◆ **The data**:
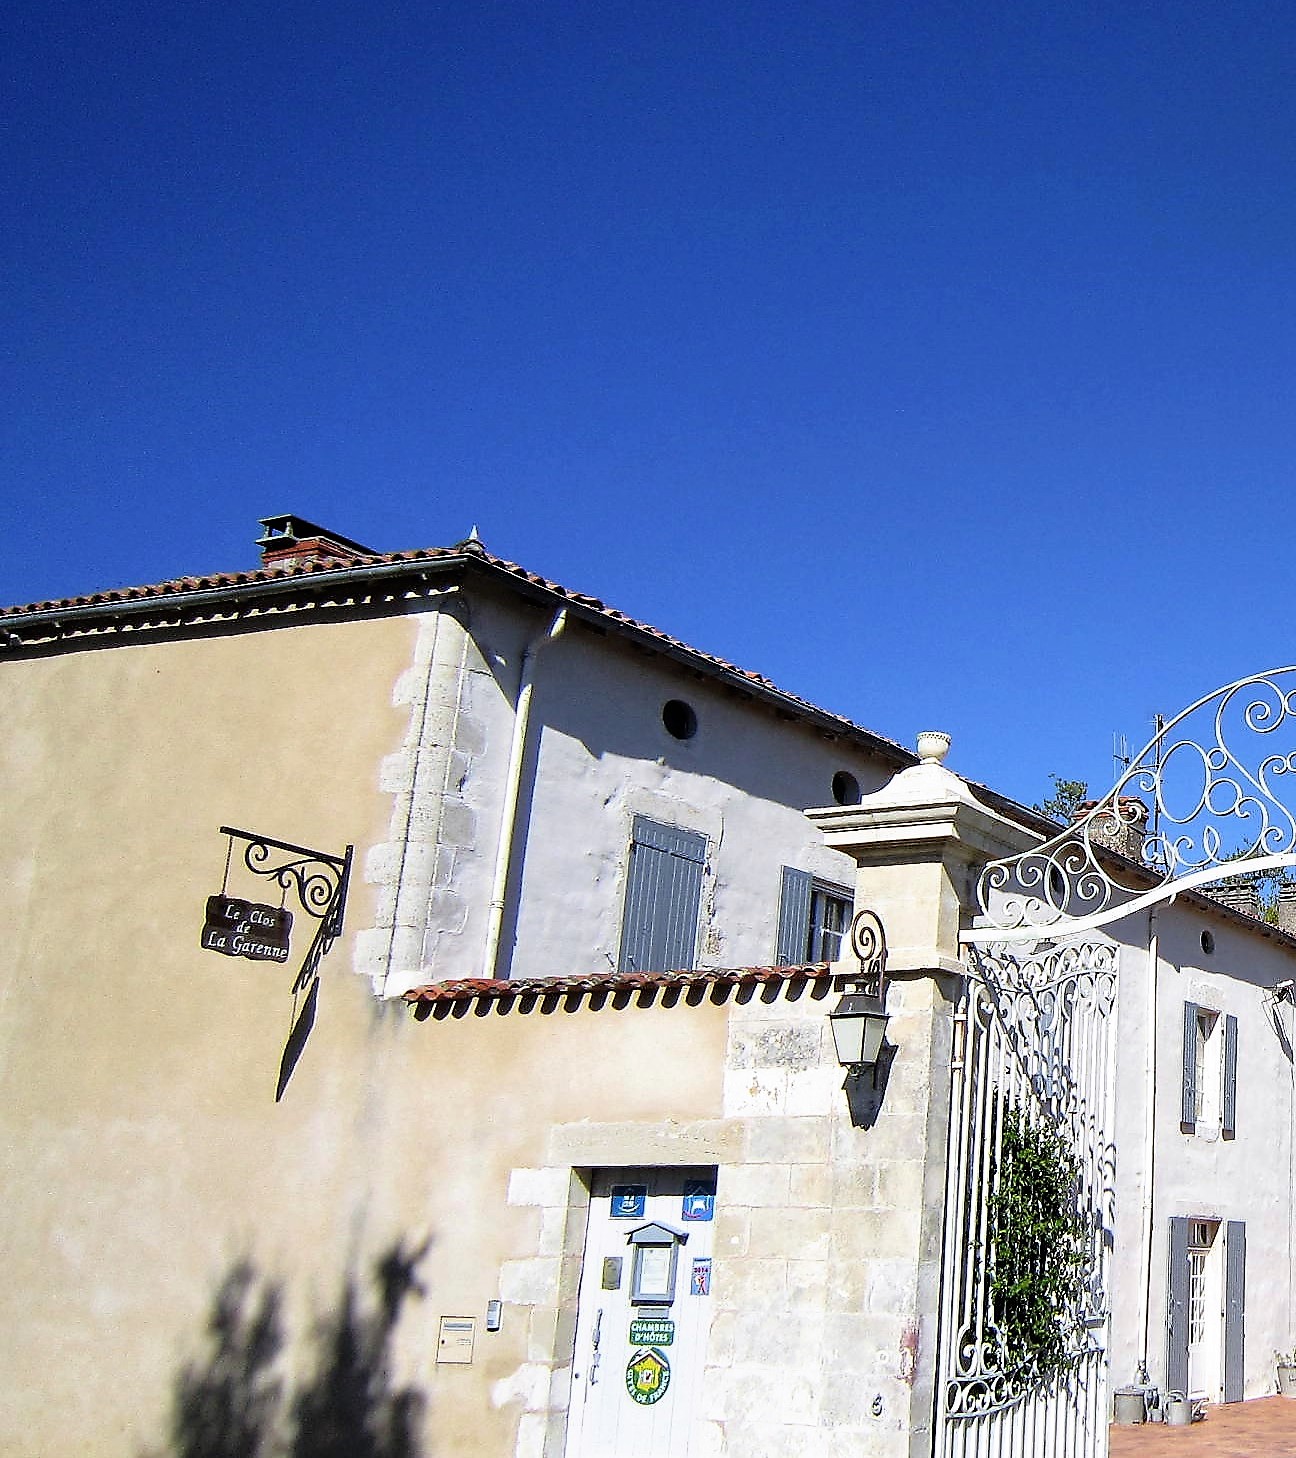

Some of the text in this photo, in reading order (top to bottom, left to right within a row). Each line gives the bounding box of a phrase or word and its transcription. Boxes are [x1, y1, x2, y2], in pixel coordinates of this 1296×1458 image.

[225, 904, 276, 927] Le Clos
[236, 920, 251, 934] de
[207, 931, 288, 958] La Garenne
[631, 1323, 674, 1332] CHAMBRES

◆ **What you need to do**: Without including any pictures, print each record exactly.

◆ **Solution for this exercise**:
Some of the text in this photo, in reading order (top to bottom, left to right within a row). Each line gives the bounding box of a phrase or word and its transcription. Boxes are [x1, y1, x2, y2], in pixel coordinates of this 1296×1458 image.

[225, 904, 276, 927] Le Clos
[236, 920, 251, 934] de
[207, 931, 288, 958] La Garenne
[631, 1323, 674, 1332] CHAMBRES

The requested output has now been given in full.